— Goal of the exercise —
Write the data below out exactly as it stands. Do not include the pictures.

Collection entries

*** Block opens ***

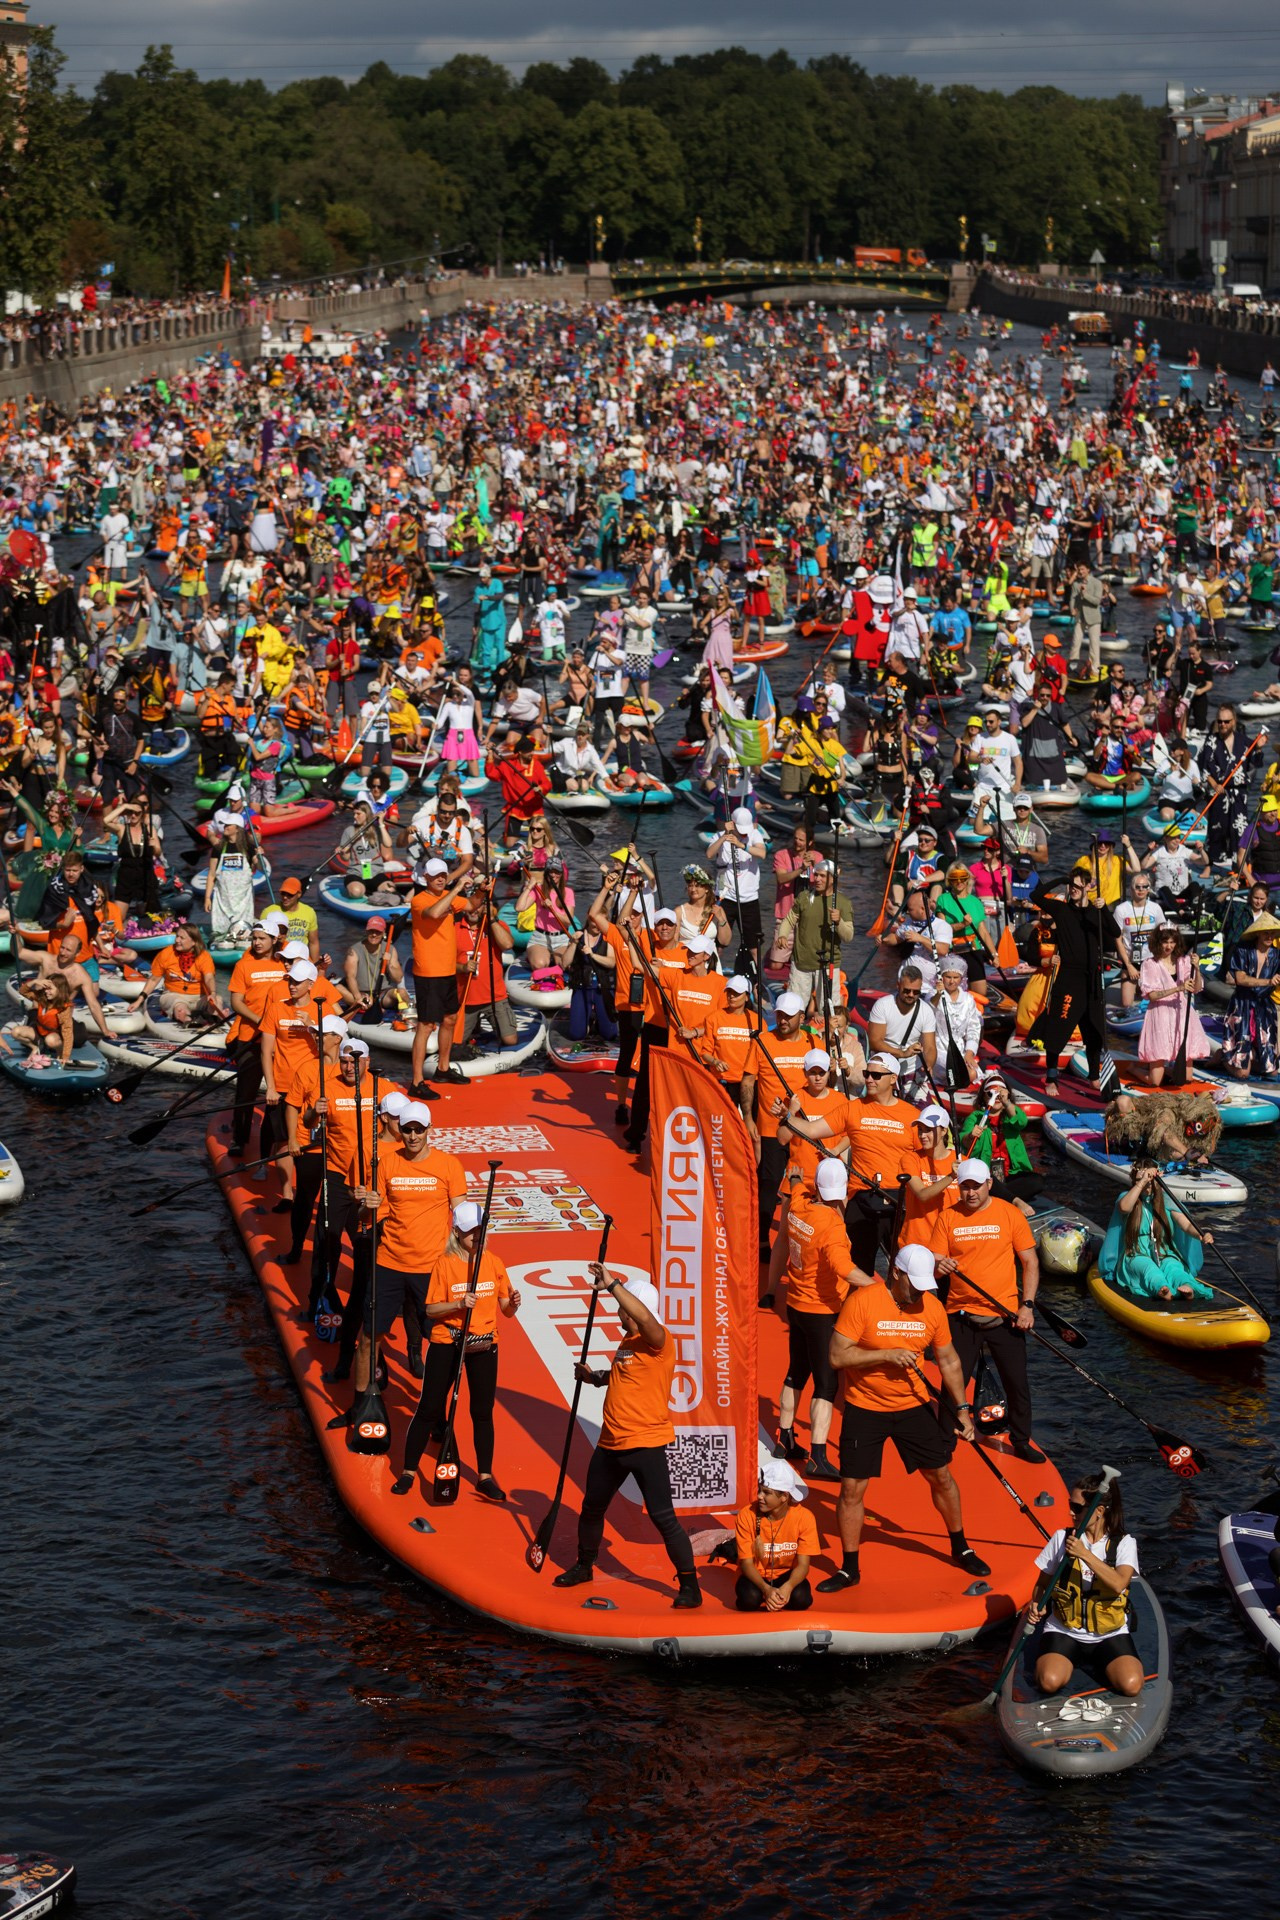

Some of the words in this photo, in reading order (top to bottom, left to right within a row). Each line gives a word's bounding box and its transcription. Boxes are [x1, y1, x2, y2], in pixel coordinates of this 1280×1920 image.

[711, 1114, 725, 1222] ЭНЕРГЕТИКЕ
[392, 1177, 432, 1185] ЭНЕРГИЯ
[716, 1226, 727, 1249] ОБ
[954, 1226, 994, 1235] ЭНЕРГИЯ
[665, 1151, 698, 1406] ЭНЕРГИЯ
[713, 1254, 731, 1407] ОНЛАЙН-ЖУРНАЛ
[878, 1321, 919, 1329] ЭНЕРГИЯ
[877, 1330, 925, 1338] онлайн-журнал

*** Block closes ***

— Solved exercise —
Some of the words in this photo, in reading order (top to bottom, left to right within a row). Each line gives a word's bounding box and its transcription. Boxes are [x1, y1, x2, y2], in pixel coordinates of this 1280×1920 image.

[711, 1114, 725, 1222] ЭНЕРГЕТИКЕ
[392, 1177, 432, 1185] ЭНЕРГИЯ
[716, 1226, 727, 1249] ОБ
[954, 1226, 994, 1235] ЭНЕРГИЯ
[665, 1151, 698, 1406] ЭНЕРГИЯ
[713, 1254, 731, 1407] ОНЛАЙН-ЖУРНАЛ
[878, 1321, 919, 1329] ЭНЕРГИЯ
[877, 1330, 925, 1338] онлайн-журнал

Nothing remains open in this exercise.